JACKSONVILLE, Fla. – Two pastors named on an election flier being distributed by a group of African-American ministers said Thursday that they did not endorse the fliers.
Pastor Jeffrey Rumlin of The Dayspring Church and The Rev. H.T. Rhim of St. Joseph Missionary Baptist Church said they were not asked before their names were included on the fliers, which endorsed Gerald Wilkerson over Judge Mark Hulsey.
“As individuals, we were not asked for our names to be placed on any type of pastors pick presentation for the citizens of Jacksonville," Rumlin said. “We understand that in the passion of the political season, certain things can happen. But the hope and the prayer is that things like that don't happen in the future.”
Rumlin said he was concerned about his name being included because, particularly in the African-American church community, "congregants look to their pastoral leaders for guidance and for wisdom and for insight.”
He said he would tell his parishioners who he supports, if they ask him, but he would not tell anyone else who they should support.

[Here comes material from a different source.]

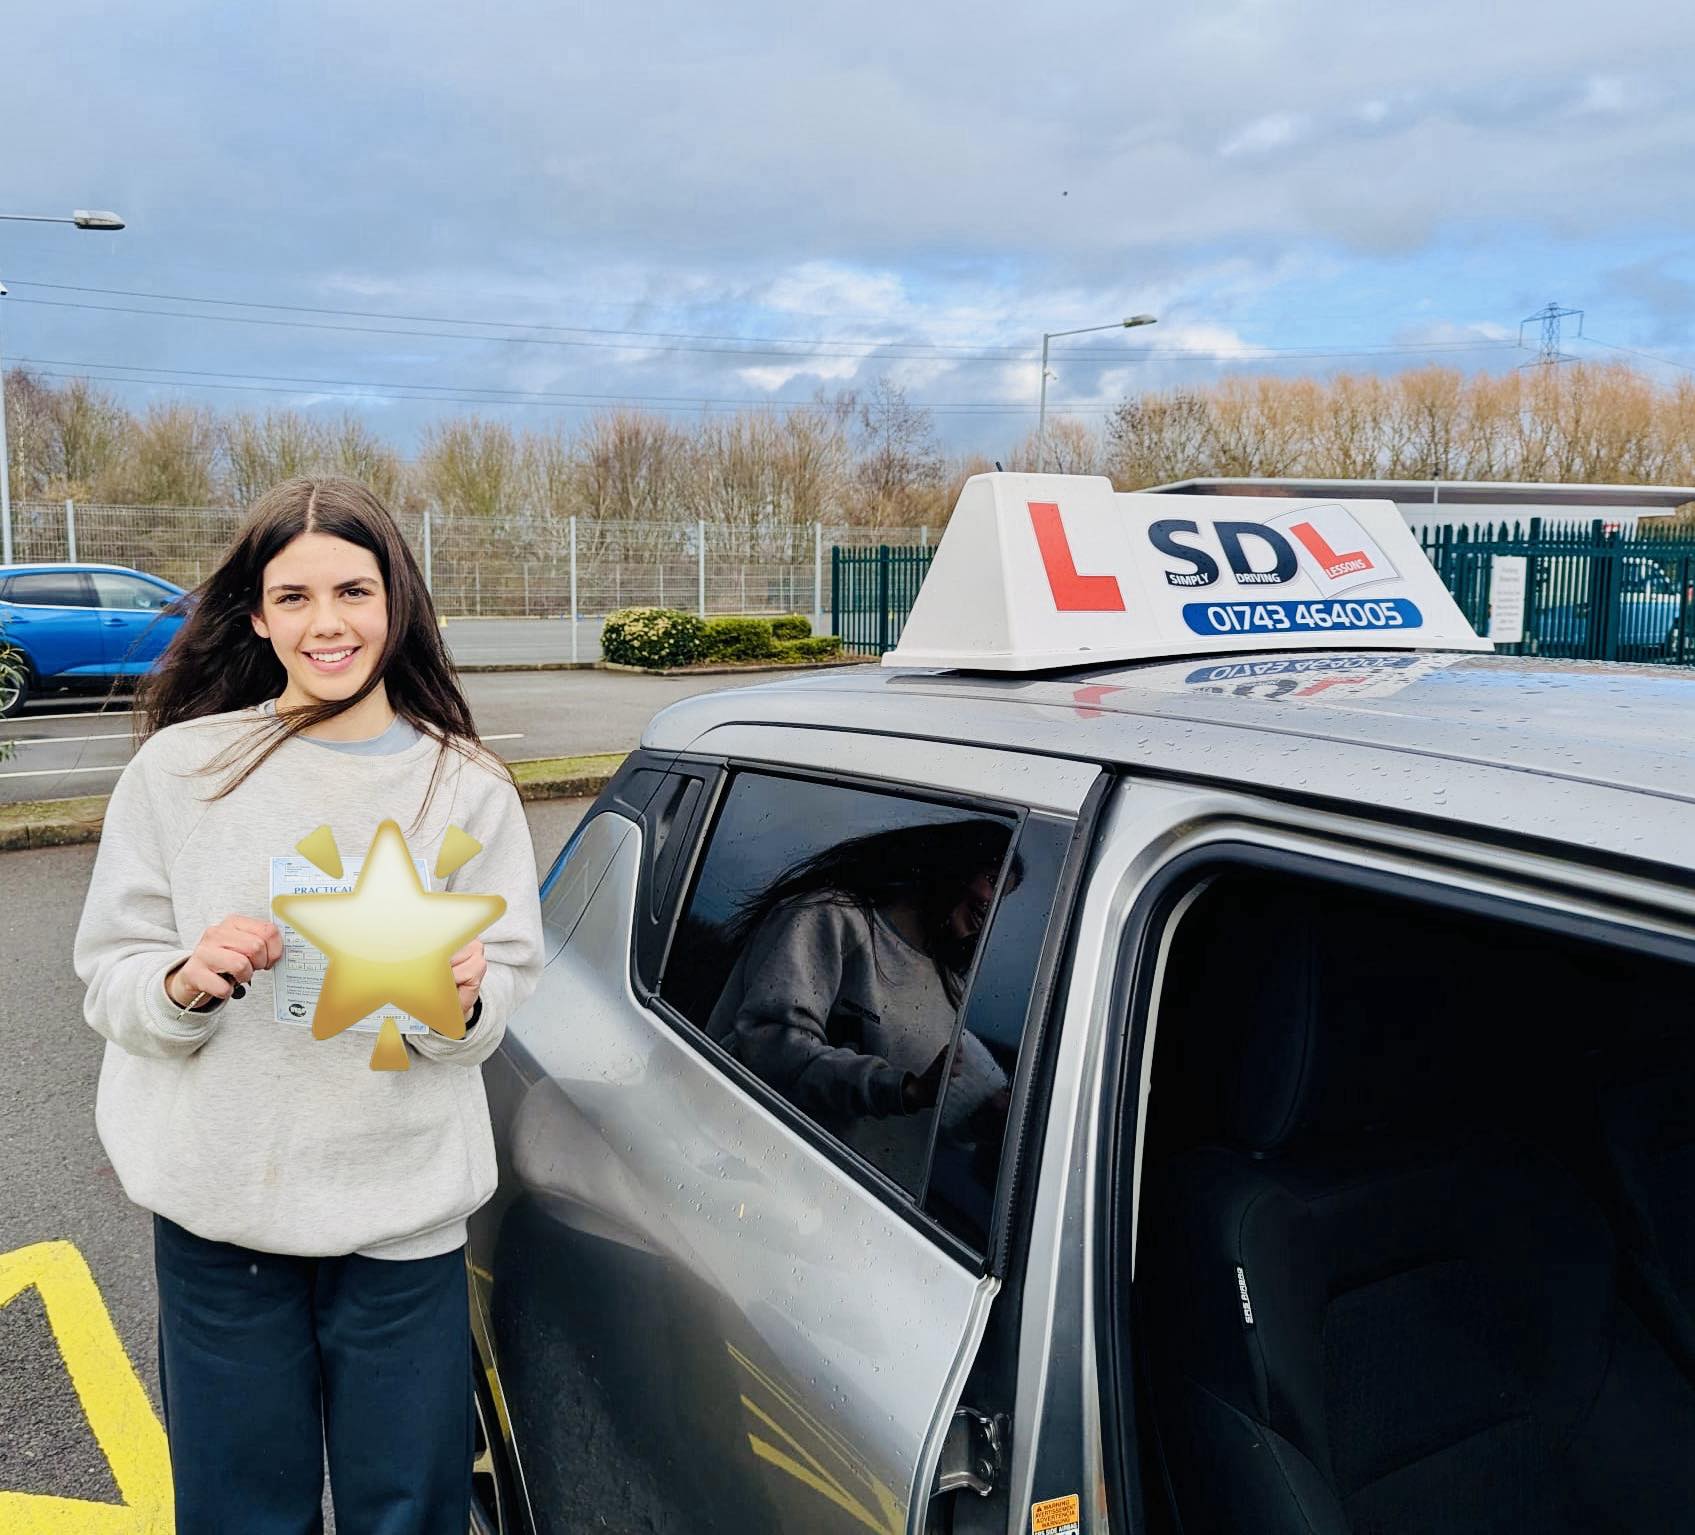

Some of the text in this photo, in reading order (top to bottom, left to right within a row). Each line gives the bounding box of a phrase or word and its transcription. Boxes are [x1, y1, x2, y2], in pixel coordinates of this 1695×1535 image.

The primary consensus of the ministers distributing the flier is that they want to defeat Hulsey, who was reassigned last month after a judicial panel found probable cause that he made sexist and racist comments.
Hulsey denies the claims.
The pastors' quick-pick ballot being handed out at polling places around town details why the ministers want Hulsey off the bench.
“The reason is because we want Hulsey out of there. We think he has violated judicial principles,” said Pastor Frederick Newbill, one of the ministers organizing the effort. “You can’t take a chance on a judge. He makes decisions on people's lives that impacts them forever and impacts their families forever.”
Rumlin said he and Rhim met with the other clergy members Thursday to discuss why their names were included without their permission.
“We can now move on from this issue and make sure the big issue remains at the forefront of everyone here in the city of Jacksonville and Northeast Florida and that is to make sure they get out to vote this coming Tuesday," Rumlin said.
Quick picks spark controversy
Hulsey campaign consultant John Daigle said the flier is illegal because it left blank the line that explained who paid for the advertisement.
“This group has been doing a ton of campaign activities,” Daigle said. “It’s an illegal flier, and I’m not going to comment.”
Daigle said that election laws require whoever pays for a flier to include the name of the person or group who funded it. But Newbill said the individual pastors will pay for the fliers, not their churches, and that they can choose to fill in their names or leave it blank.
“It is legal. You can put out up to $5,000, and certainly this is way under $5,000,” Newbill said. “But it is legal for individuals to do that, so we’ve looked into all that.”
Newbill, who supports incumbent Corrine Brown’s challenger, Lashonda Holloway, said that the majority of the pastors involved support Brown.
They are also in favor of the half-cent sales tax extension to fix the city's pension mess.
Rick Mullaney, with Jacksonville University’s Public Policy Institute, said the flier likely won’t impact Brown’s race much, but it could impact a judicial race.
“It could have some effect, because this is an example of a race you don’t know a lot about,” Mullaney said. “Lawyers may know a lot about them, but the public at large is not well-educated about them. So when you see a quick-pick, and it appears to be unanimous, it could nudge some people not familiar with that race.”
Daigle said he will probably file a complaint with the state elections commission over the ministers in charge of the effort, including Newbill.